O monitoramento investigado na operação, diz a PF, foi feito pelo agente federal Felipe Arlota, um dos alvos que foi afastado do cargo por decisão do ministro Alexandre de Moraes, do Supremo Tribunal Federal (STF). O policial é um dos agentes próximos do senador Flávio Bolsonaro.

Após uma reunião das advogadas de Flávio com Bolsonaro, agentes da Abin teriam produzido relatórios sobre como o senador deveria atuar para se livrar das investigações.

No caso do filho mais novo de Bolsonaro, a Abin teria atuado para ajudá-lo, já que ele era alvo de investigação pela PF sobre as relações com empresas que mantinham e tinham interesse em contratos com o governo federal.

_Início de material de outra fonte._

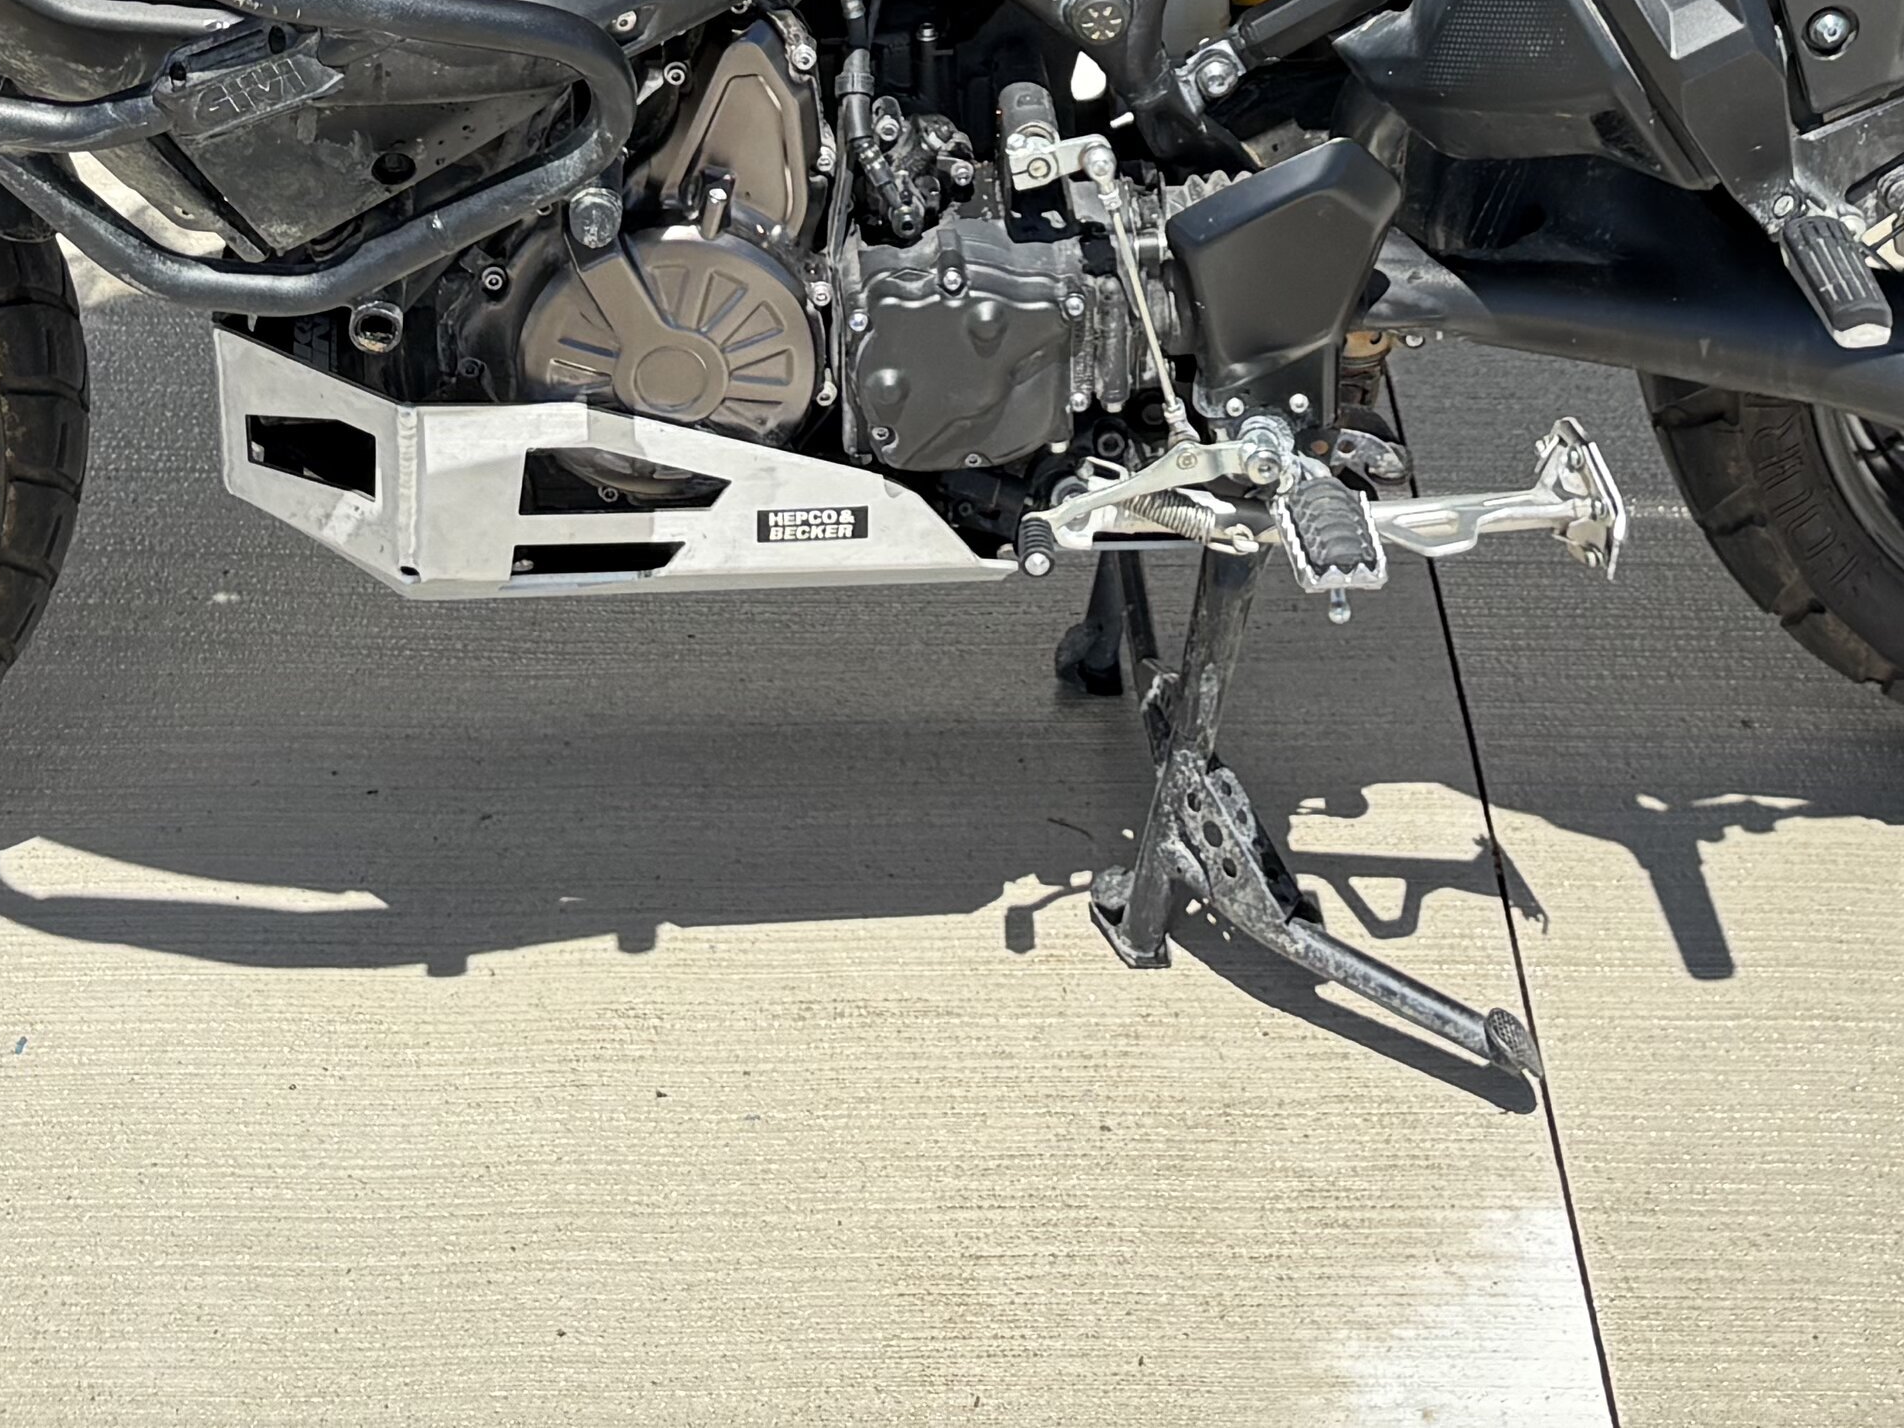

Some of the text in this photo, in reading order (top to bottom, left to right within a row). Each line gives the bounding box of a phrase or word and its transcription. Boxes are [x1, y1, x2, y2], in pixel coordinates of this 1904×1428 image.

[769, 509, 856, 526] HEPCO &
[769, 524, 853, 541] BECKER

Agentes da Abin tentaram atrapalhar a investigação e coletar informações com o objetivo evitar “riscos à imagem” de Bolsonaro. Um policial federal lotado na Abin chegou a seguir um dos alvos da investigação, que, desconfiado, acionou a Polícia Militar. O policial foi ouvido pela PF e confirmou que trabalhava diretamente com Ramagem e que recebeu a missão de levantar informações sobre o caso investigado.

Abin paralela foi criada para espionar adversários políticos

Na famosa reunião ministerial de abril de 2020, o então presidente Jair Bolsonaro reclamou de órgãos de inteligência da Polícia Federal e das Forças Armadas. No entanto, disse que a Abin lhe dava “algumas informações”.

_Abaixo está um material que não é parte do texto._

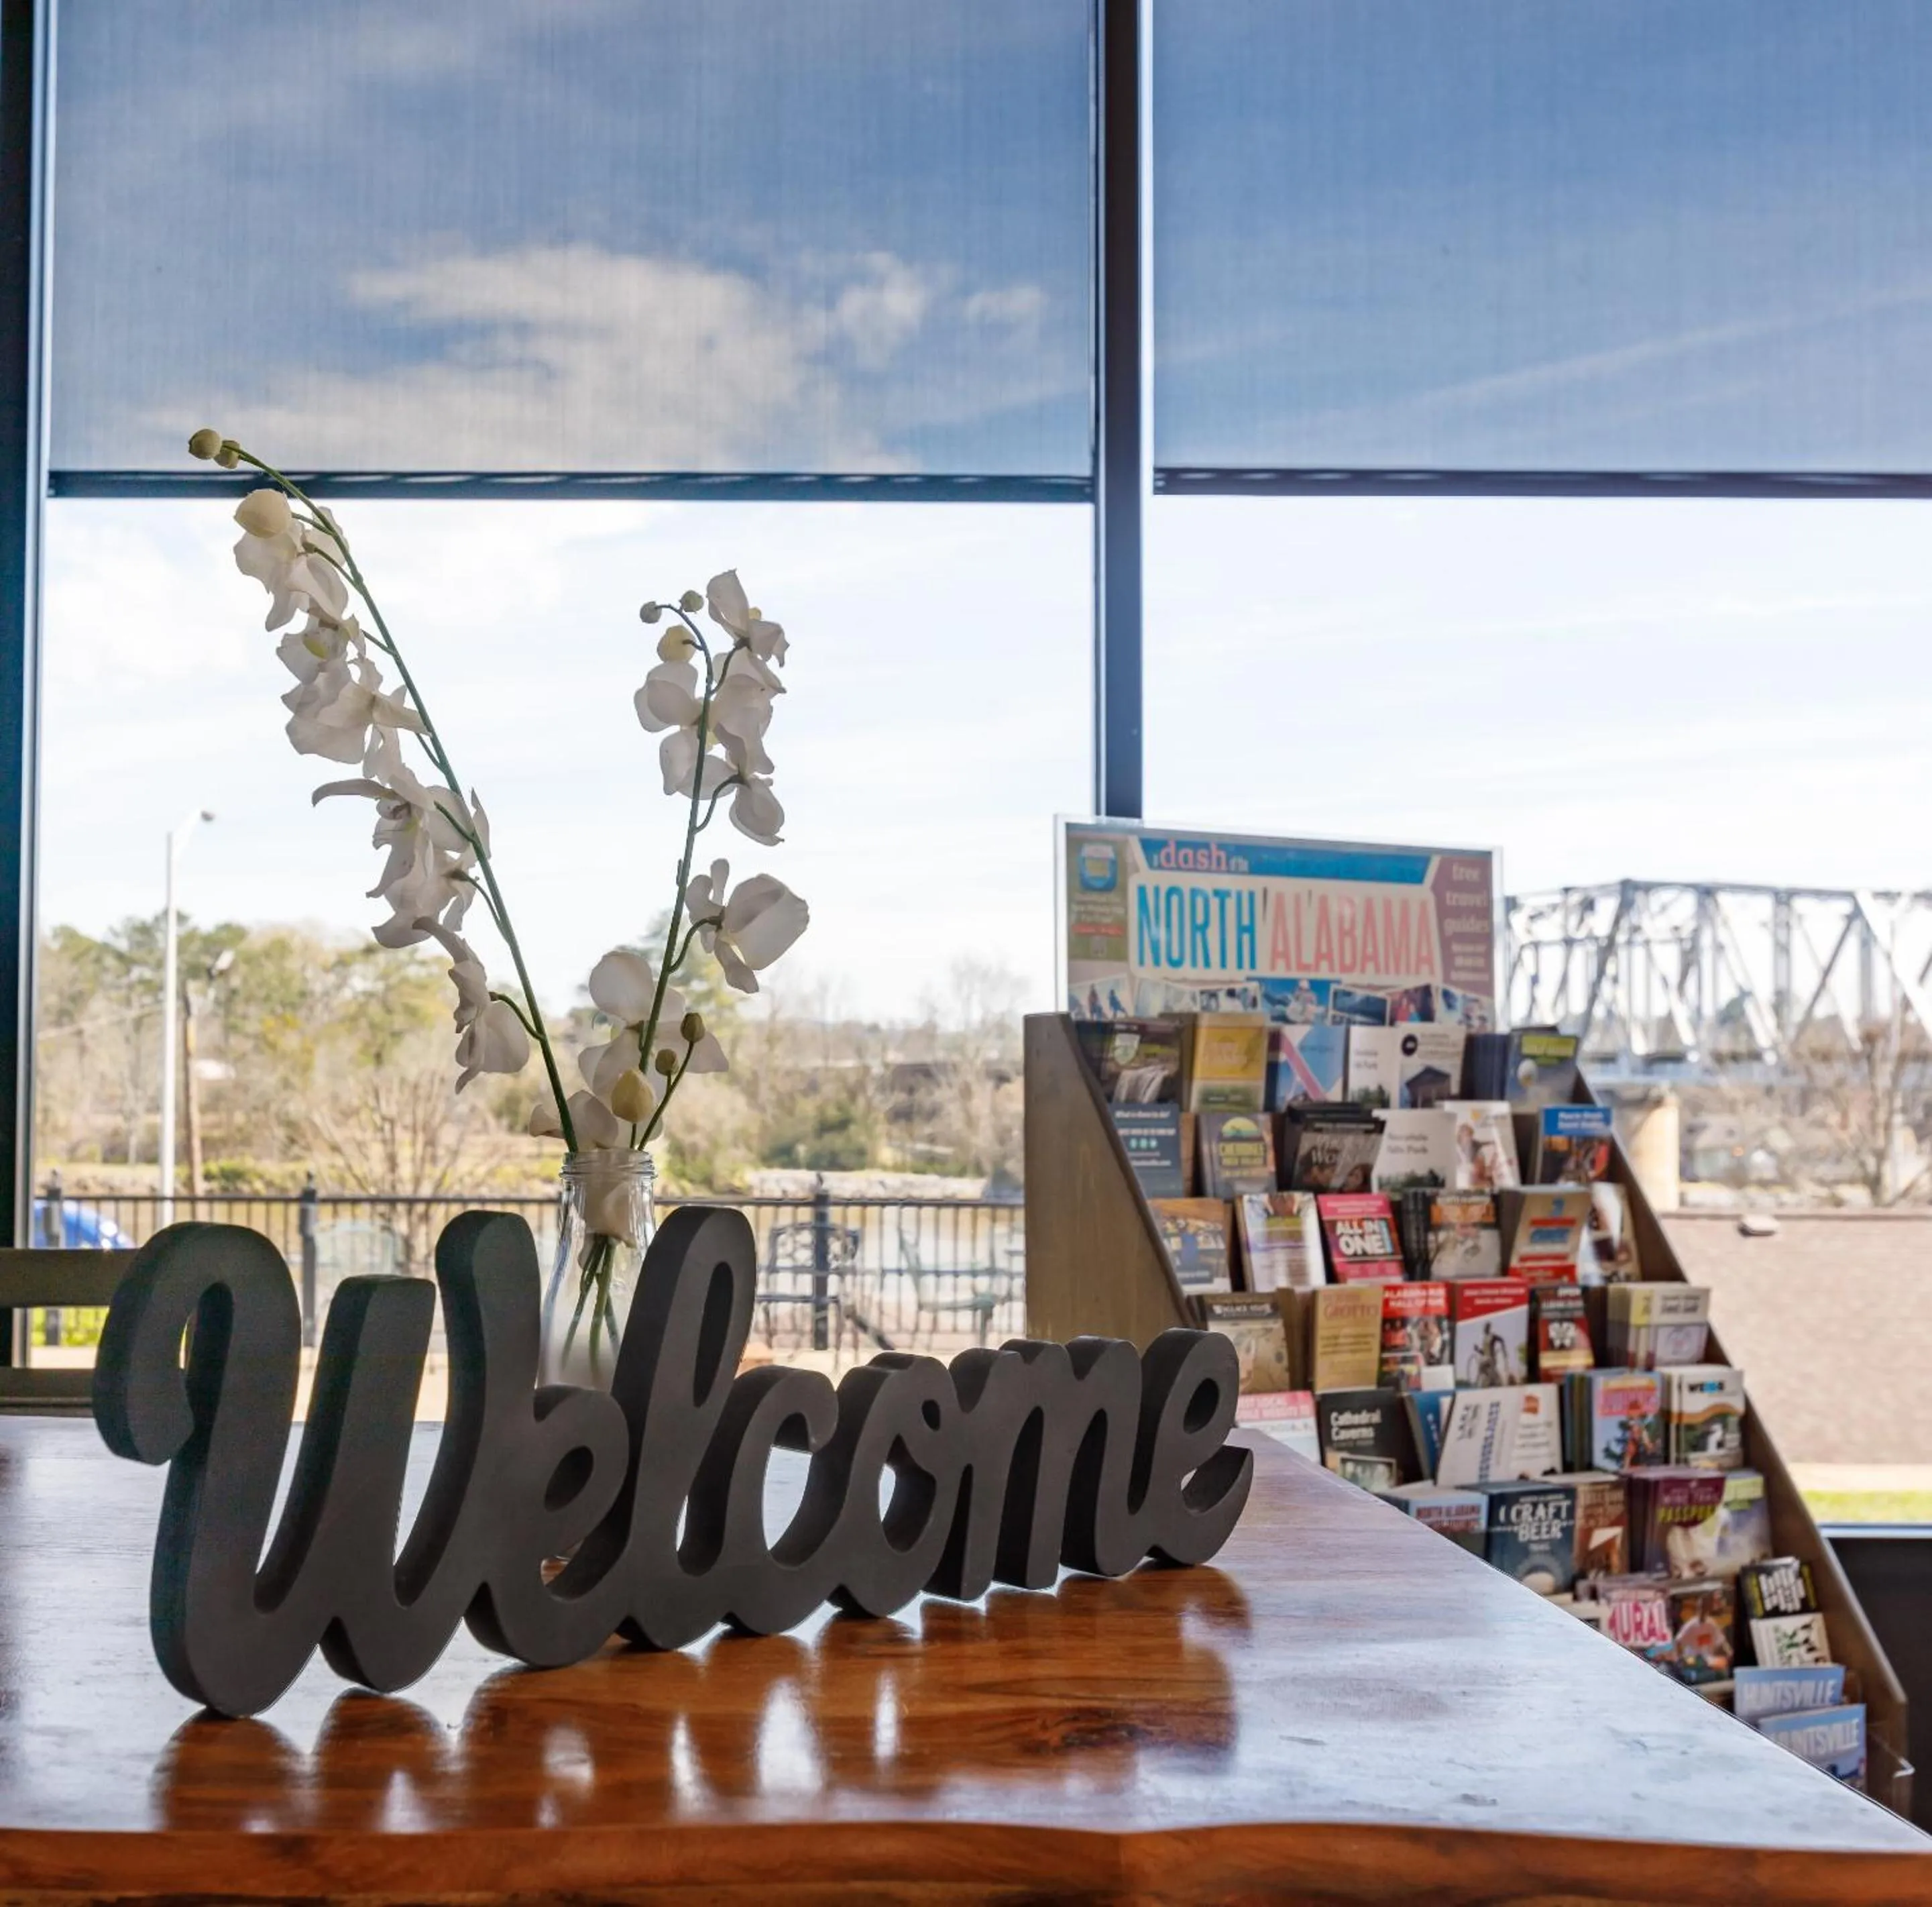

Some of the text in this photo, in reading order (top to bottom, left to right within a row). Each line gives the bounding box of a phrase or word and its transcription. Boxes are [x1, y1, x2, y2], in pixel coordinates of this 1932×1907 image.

[1160, 839, 1226, 871] dash
[1137, 884, 1257, 970] NORTH
[1269, 891, 1436, 976] ALABAMA
[1336, 1219, 1380, 1236] ALL IN
[1339, 1234, 1384, 1256] ONE
[1330, 1410, 1382, 1427] Cathedral
[1331, 1426, 1374, 1441] Caverns
[93, 1205, 1253, 1718] Welcome
[1510, 1500, 1571, 1525] CRAFT
[1518, 1518, 1563, 1542] BEER
[1742, 1679, 1837, 1710] HUNTSVILLE

Na reunião, Bolsonaro disse que a Abin ainda tinha um problema de “aparelhamento”. Meses depois, no entanto, o problema foi resolvido quando, em julho, a agência criou uma máquina operada por homens de confiança do então diretor-geral, Alexandre Ramagem, para espionar rivais e buscar informações para proteger a família do presidente.

Chamada de Abin paralela, o Centro de Inteligência Nacional (CIN) utilizou o software espião FirstMile, desenvolvido pela empresa israelense Cognyte (ex-Verint), explorou estruturas, recursos humanos e dinheiro público para “monitorar sujeitos sem qualquer pertinência com as atribuições institucionais da Abin”.

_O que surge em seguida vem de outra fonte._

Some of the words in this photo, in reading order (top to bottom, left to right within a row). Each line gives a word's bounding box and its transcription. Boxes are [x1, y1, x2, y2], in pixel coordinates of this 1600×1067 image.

O CIN chegou a monitorar um jantar do então presidente da Câmara dos Deputados, Rodrigo Maia. Na época, Maia era um desafeto determinante para a gestão de Bolsonaro.

As investigações dão conta ainda de que um servidor da Abin “teria sido flagrado pilotando um drone nas proximidades da residência do então governador do Ceará, Camilo Santana (PT-CE)”, sem justificativa técnica para tal ação.